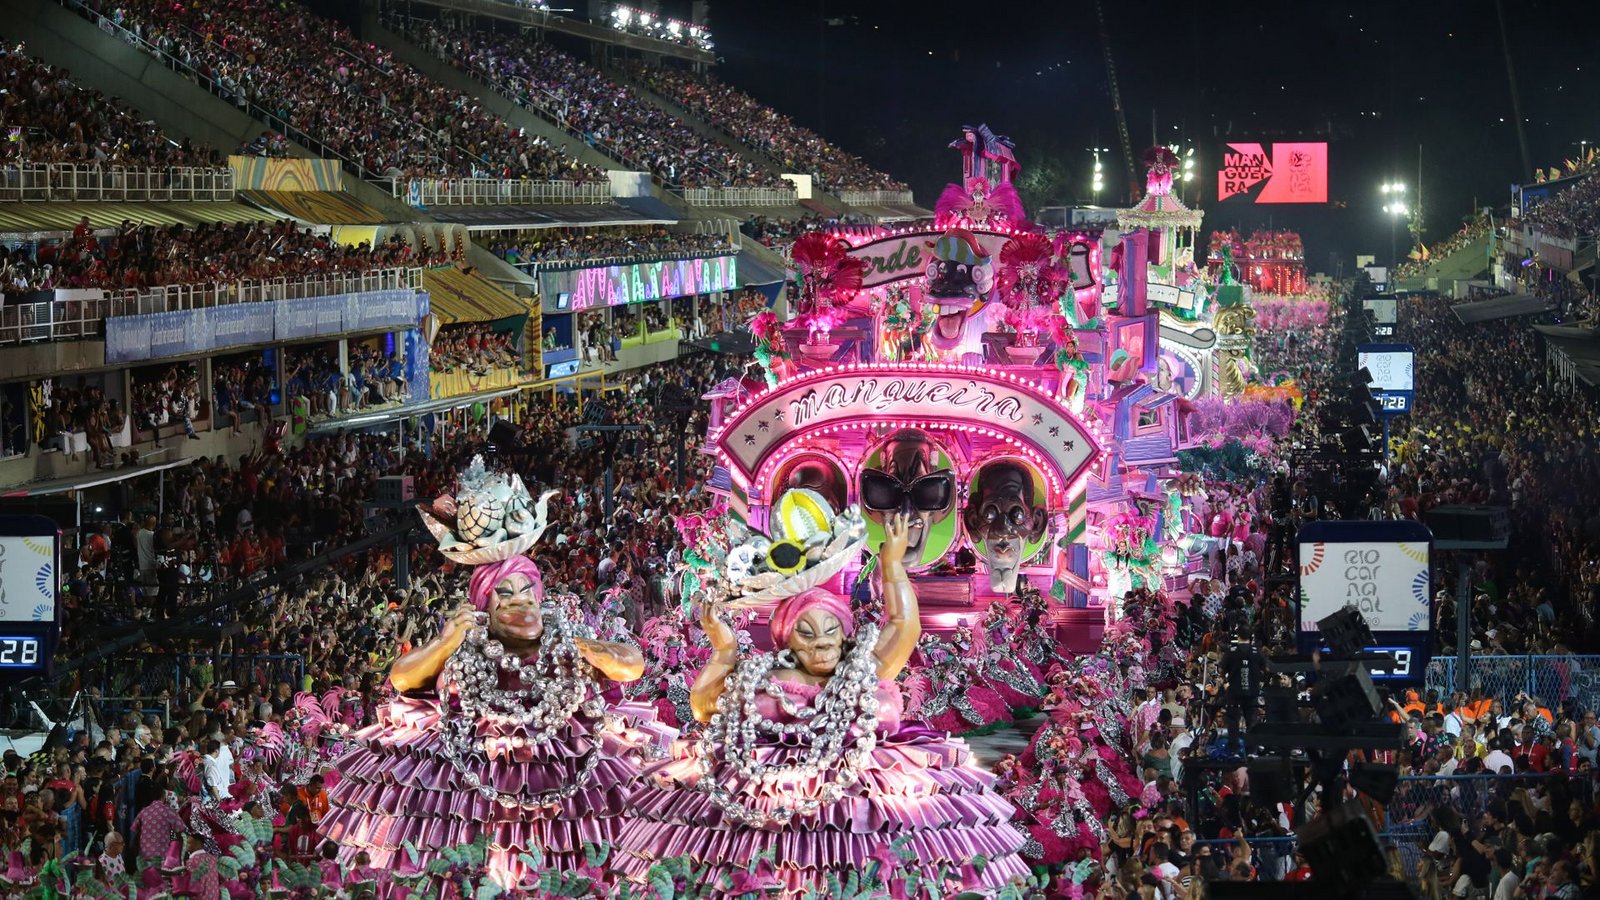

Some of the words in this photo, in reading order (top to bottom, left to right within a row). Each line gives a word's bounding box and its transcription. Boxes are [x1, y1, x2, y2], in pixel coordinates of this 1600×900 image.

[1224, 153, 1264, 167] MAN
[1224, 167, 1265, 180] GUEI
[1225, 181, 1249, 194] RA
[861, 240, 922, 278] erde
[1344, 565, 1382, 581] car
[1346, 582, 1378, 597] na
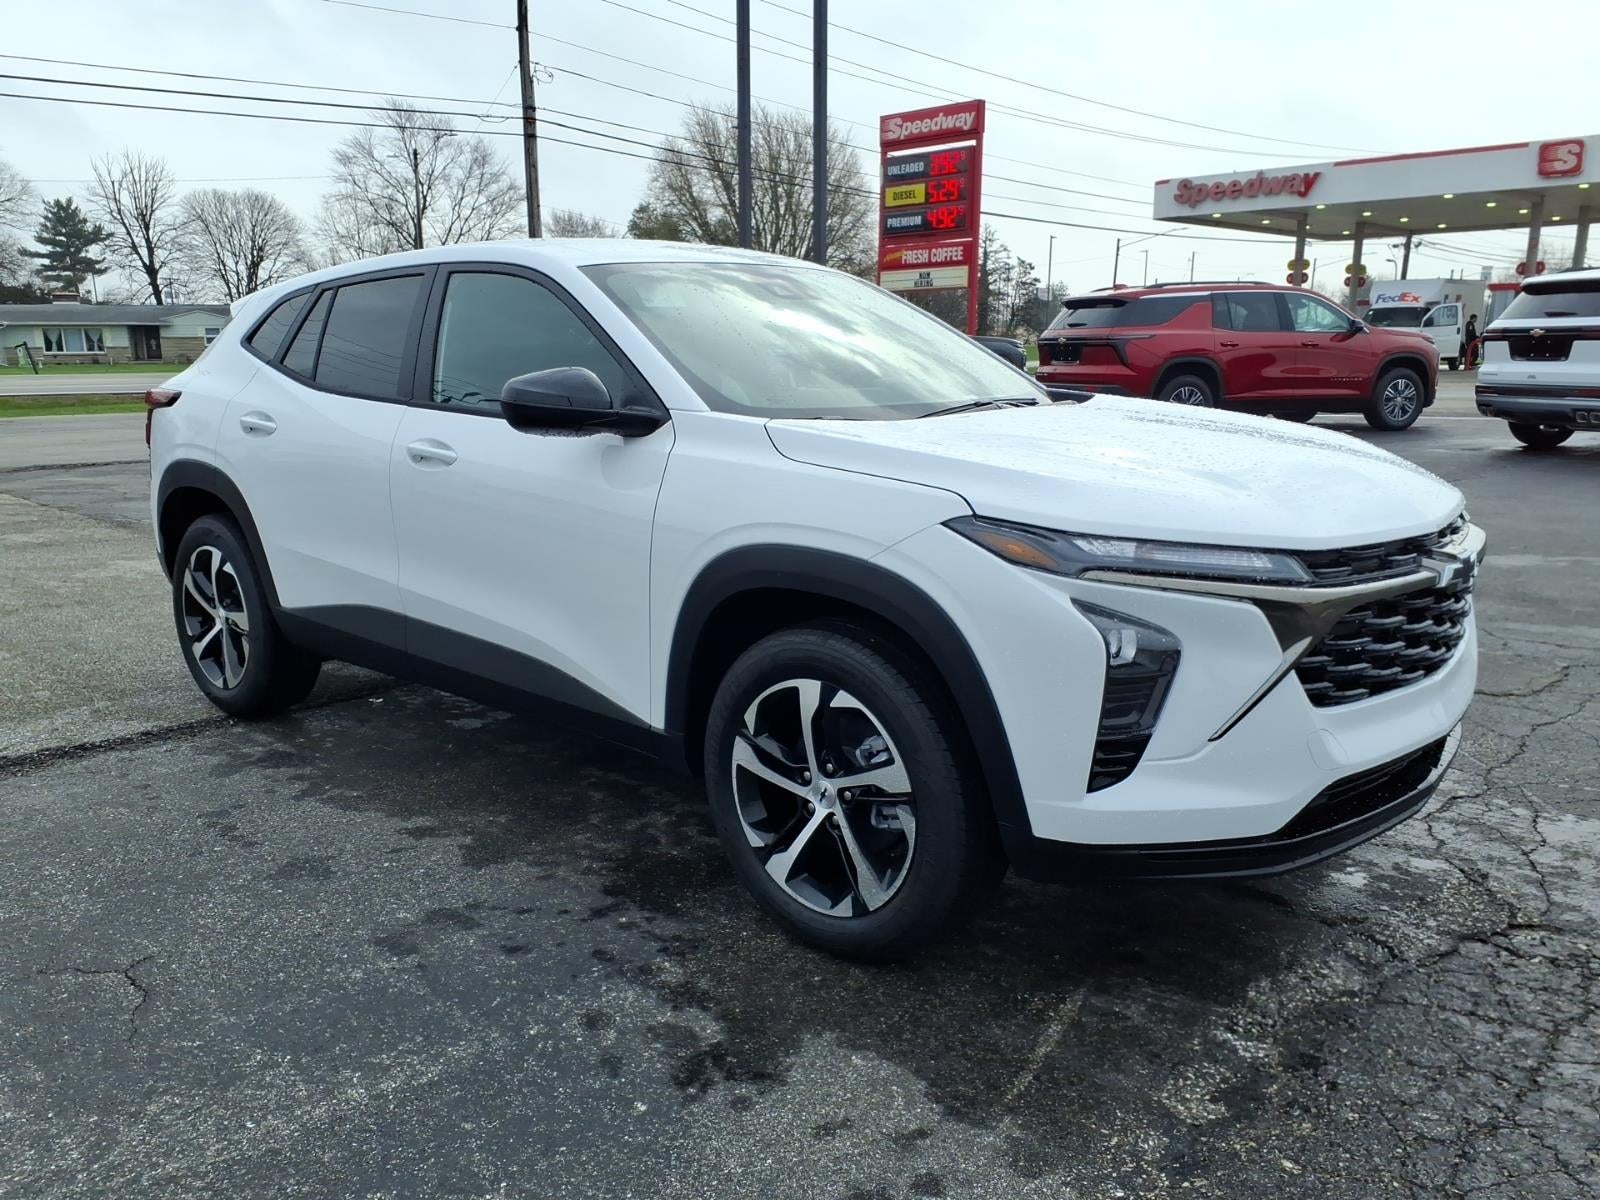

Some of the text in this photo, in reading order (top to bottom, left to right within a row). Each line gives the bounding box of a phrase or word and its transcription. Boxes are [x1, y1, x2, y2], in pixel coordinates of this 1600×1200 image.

************

# [Aim of the exercise]
If a record holds a picture, leave the picture out, but repeat every line exactly.

# [Written reply]
Some of the words in this photo, in reading order (top to bottom, left to right within a row). Each line gives a word's bounding box and its transcription. Boxes are [x1, y1, x2, y2], in pixel coordinates of this 1600×900 image.

[1224, 153, 1264, 167] MAN
[1224, 167, 1265, 180] GUEI
[1225, 181, 1249, 194] RA
[861, 240, 922, 278] erde
[1344, 565, 1382, 581] car
[1346, 582, 1378, 597] na

Some of the text in this photo, in reading order (top to bottom, left to right within a row). Each line gives the bounding box of a phrase or word and its transcription. Boxes are [x1, y1, x2, y2], in pixel coordinates of this 1600×1200 image.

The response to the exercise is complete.